がれきの下から人命救助!未来のツールを紹介
J:COM安心安全チーム関西担当の中西です。
地震の死亡原因で最も多いのが、家屋倒壊による圧死や窒息死です。(参考:内閣府「防災情報のページ」)がれきの下敷きになって身動きが取れない人を救出する場合、72時間を超えると著しく生存率が低下すると言われています。今回は、下敷きになった人を少しでも早く見つけ出すためのツールを開発している大阪の企業を取材しました。

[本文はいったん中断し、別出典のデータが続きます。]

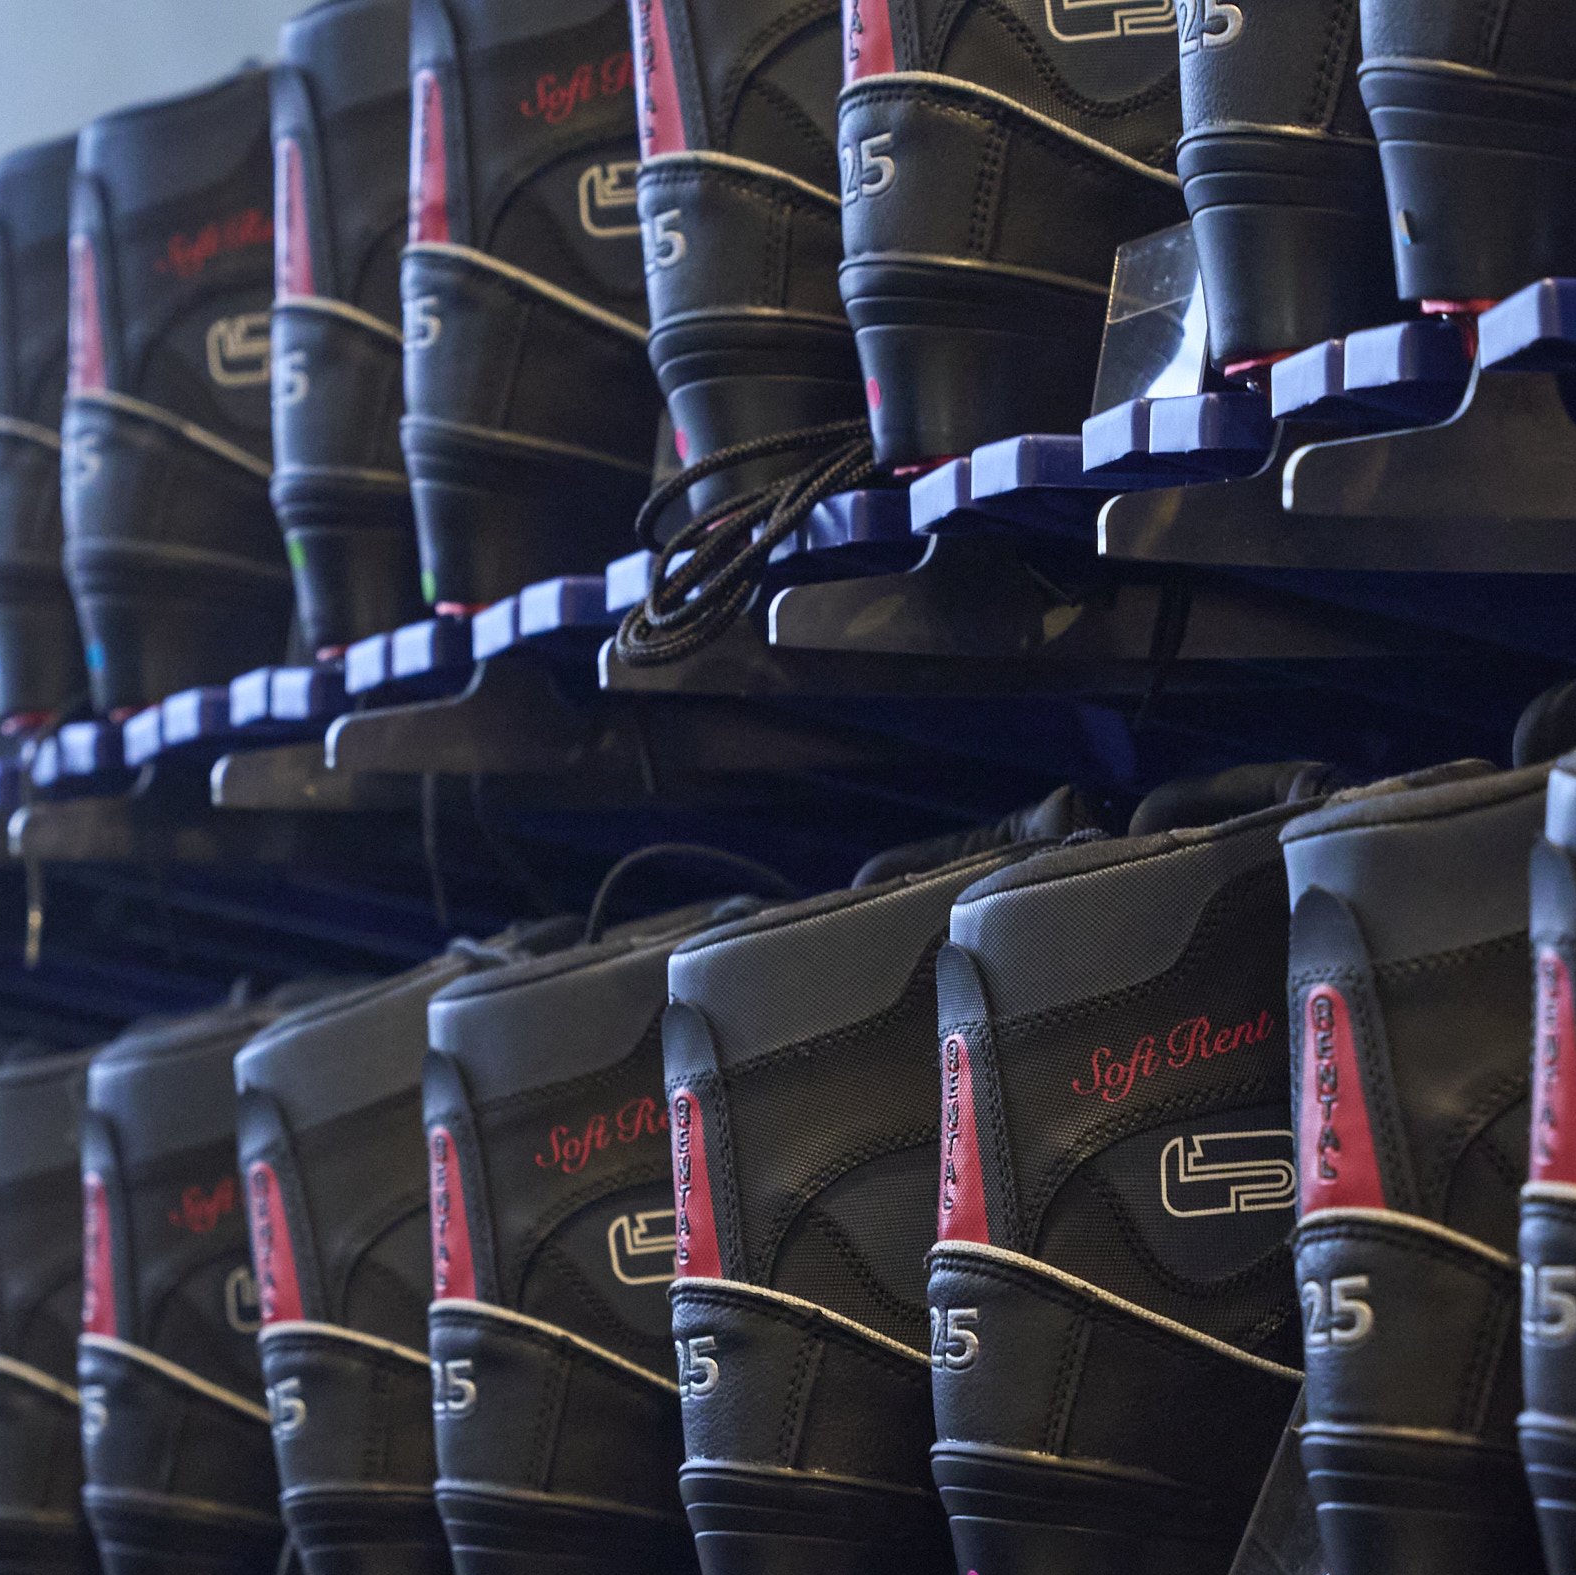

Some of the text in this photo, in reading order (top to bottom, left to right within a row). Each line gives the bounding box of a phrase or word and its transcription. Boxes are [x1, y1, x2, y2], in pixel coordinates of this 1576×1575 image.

[840, 131, 897, 207] 25
[1071, 1009, 1274, 1103] Soft Rent
[1311, 995, 1342, 1185] RENTAL
[535, 1114, 607, 1173] Soft
[942, 1038, 959, 1215] RENTAL
[675, 1096, 692, 1265] RENTAL
[1301, 1274, 1375, 1348] 25

写真中央の掃除機のような見た目の機械は、がれきの下で目視できない要救助者を見つけるための「検知ユニット」と呼ばれるものです。そして写真左下のスマートウォッチのような機械は、「検知ユニット」が近づいた時に電波を発信する仕組みになっている「バンドタイプのICタグ」です。このICタグには心拍計が内蔵されていて、複数の要救助者がいる場合のトリアージ(救命の可能性が高い要救助者に優先順位をつけること)にもつながるとのこと。

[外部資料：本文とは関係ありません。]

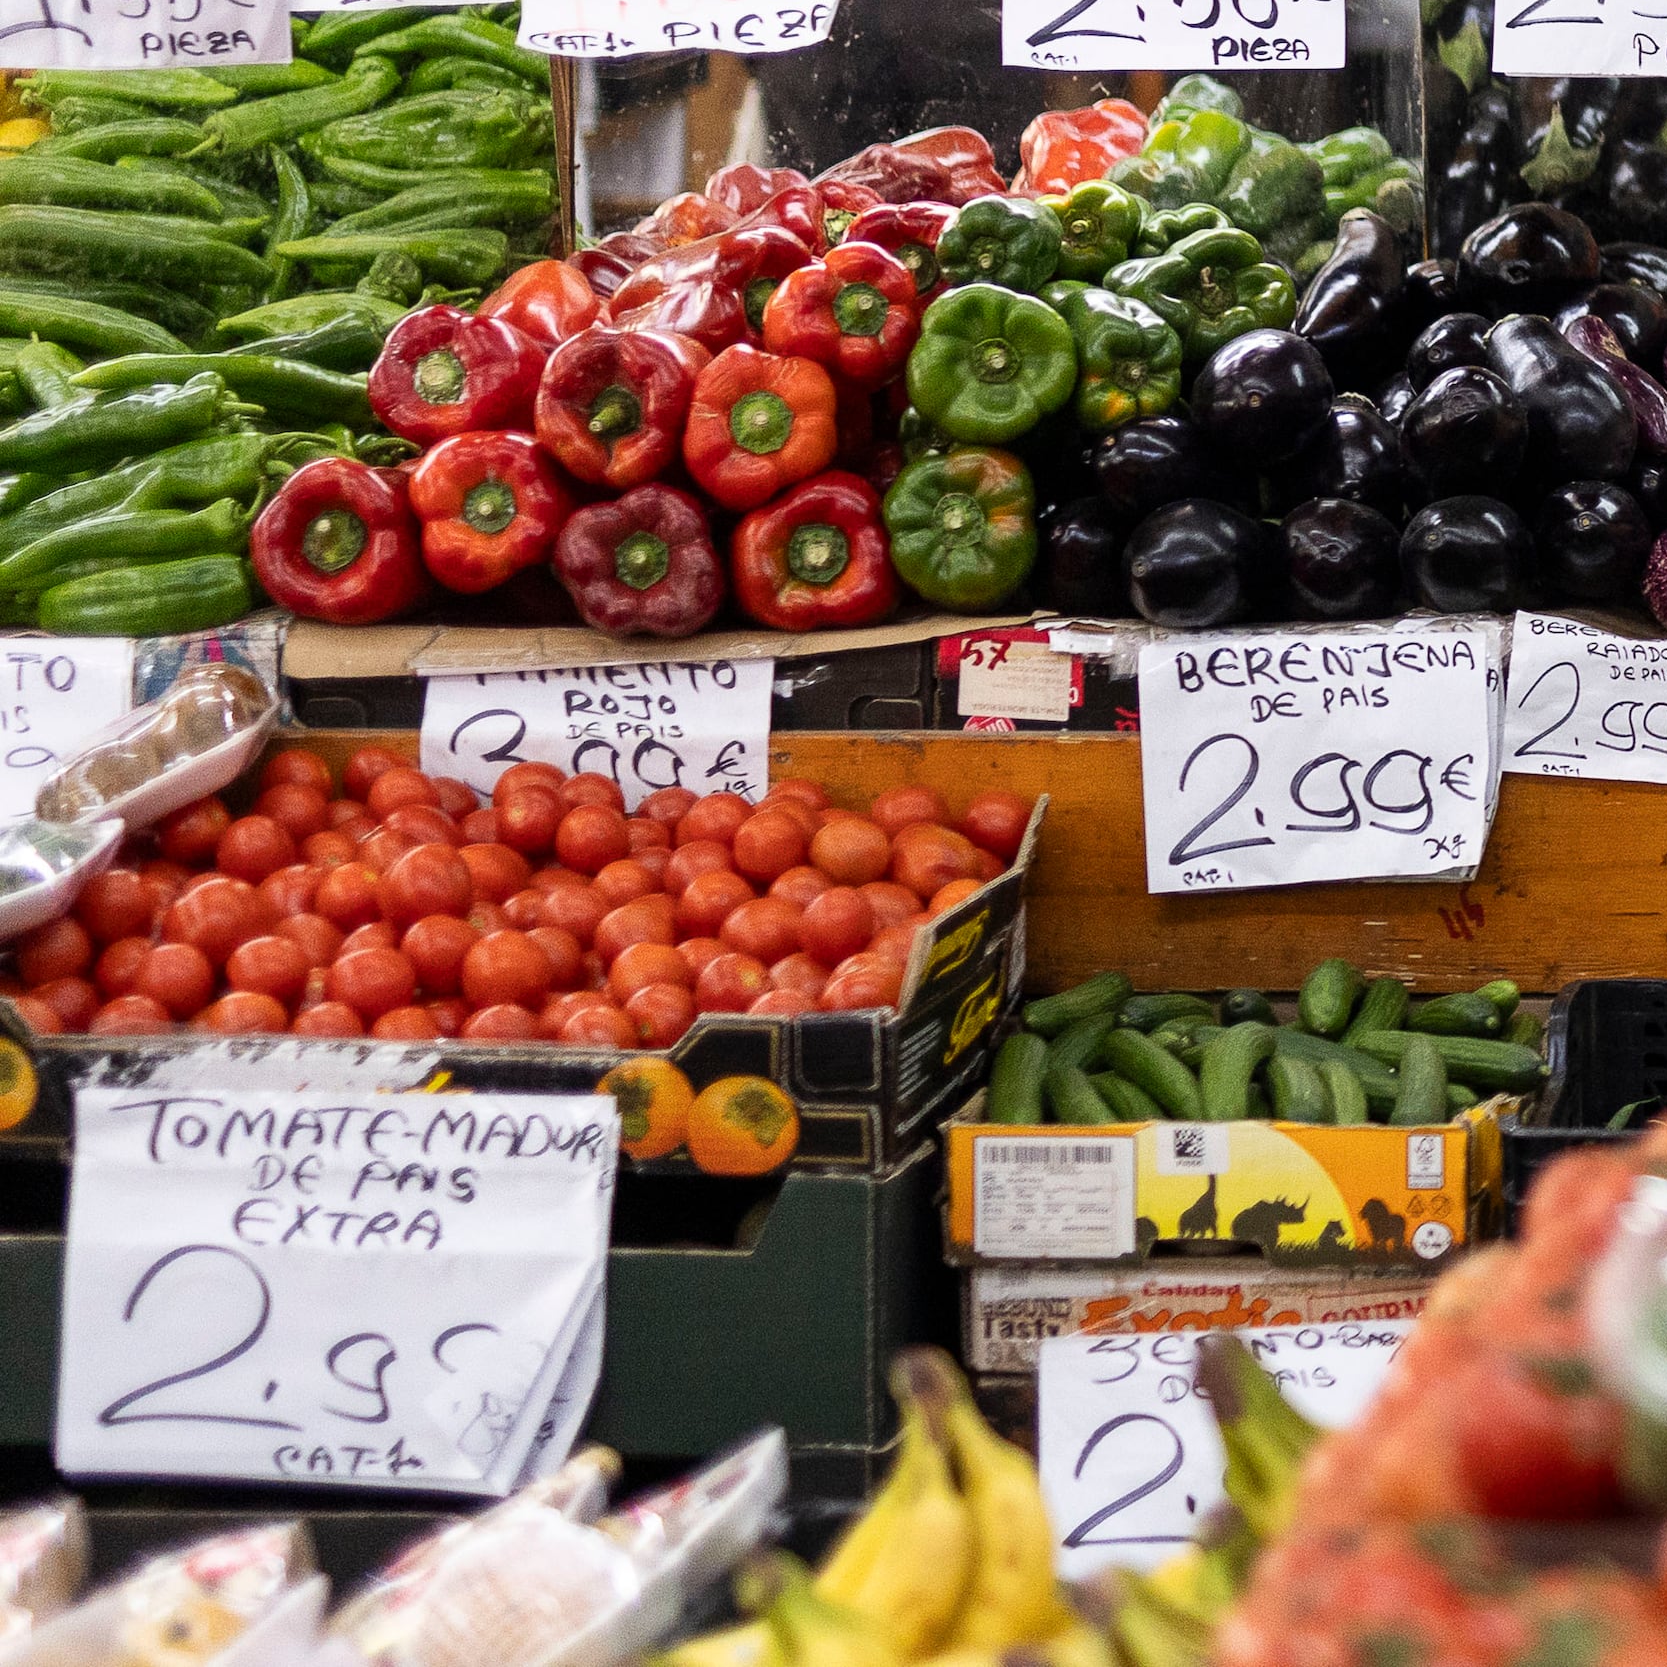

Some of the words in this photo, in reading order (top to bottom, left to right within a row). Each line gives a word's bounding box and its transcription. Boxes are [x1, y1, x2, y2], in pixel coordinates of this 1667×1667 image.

「災害を見越してこのICタグを身に付けておく必要があるの?」そう思った方もいるかもしれません。実はこのシステムを開発中の企業は、すでに多くの施設やイベントなどでICタグによる所在確認サービスを展開しているんです!
自転車レースに 子どもの見守り 様々な分野で活躍
大阪市中央区に本社を構える株式会社マトリックスは、それまでは目視で行われていた自転車レースの順位測定をデジタル化するため「レース用非接触ICタグ」を世界で初めて製品化した企業です。測定の仕組みは、ICタグが一定の範囲で設定した検知エリアに入った時に、パソコン上で「どのICタグがどこを通過したかデータを取る」というもの。このシステムを応用して、現在では小学生が通学路のどの地点を歩いているのかが分かるサービスや、病院では認知症患者の無断外出、赤ちゃんの連れ去りなどを検知するサービスを提供しています。

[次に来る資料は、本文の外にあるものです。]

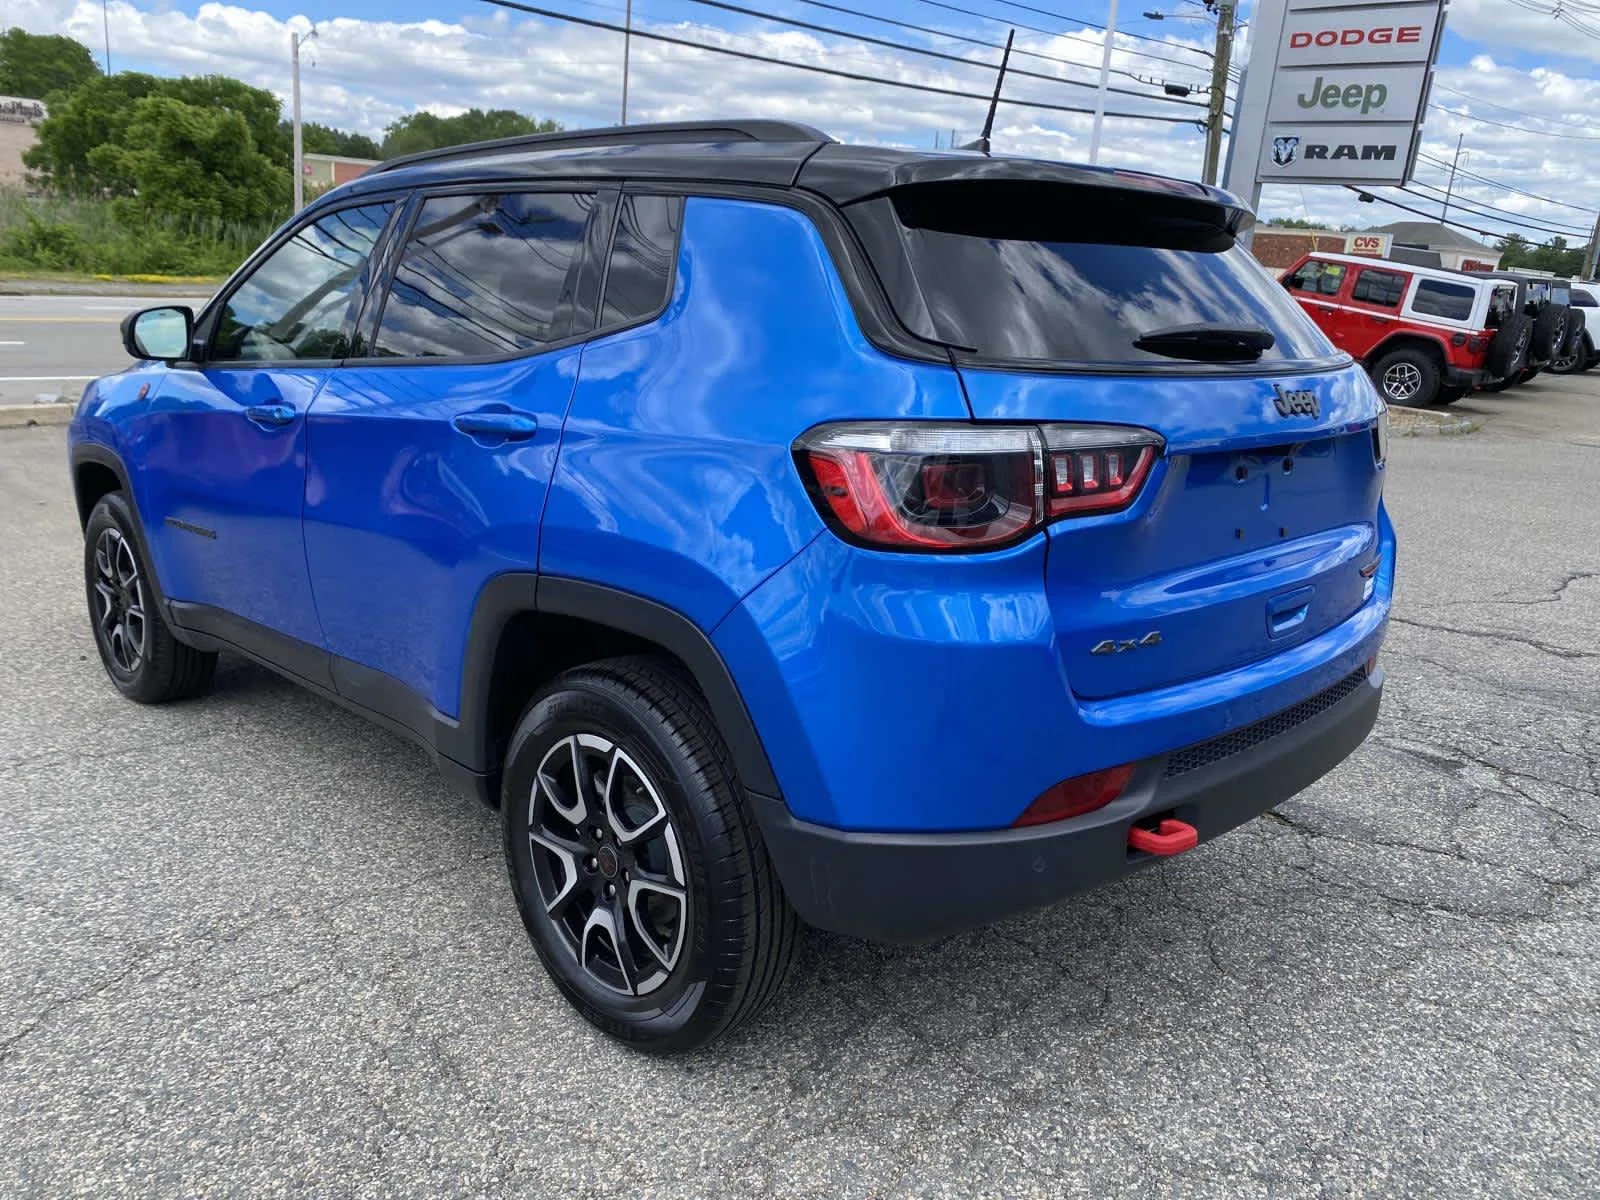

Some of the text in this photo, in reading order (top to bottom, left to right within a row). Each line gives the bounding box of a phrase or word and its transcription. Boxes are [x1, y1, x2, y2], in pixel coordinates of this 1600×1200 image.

もうお分かりとは思いますが、新しく開発している「バンドタイプのICタグ」は、地震でがれきの下敷きになる場合だけを想定した機器ではありません。企業や病院、学校などで安心安全のために普段から使っている機器に付加機能を追加したツールなんです。例えば工場が倒壊して従業員が生き埋めになっているかもしれないという場合、まず工場内に何人いたかを知ることができるため、検知ユニットを使った救助活動もスムーズに行うことができる。日常的に使っているツールが、そのまま災害時にも活用できる。これこそが「要救助者探知システム」の強みと言えるでしょう。
大阪・関西万博でお披露目!
ご紹介した機器は、来年開催される大阪・関西万博の「大阪ヘルスケアパビリオン」でお披露目される予定です。取材時点では付いていなかったのですが、検知ユニットにモニターが付いてICタグから受けた情報を画面上で見ることができるようになるなど、万博出展に向けてより良い製品へと開発が進められています!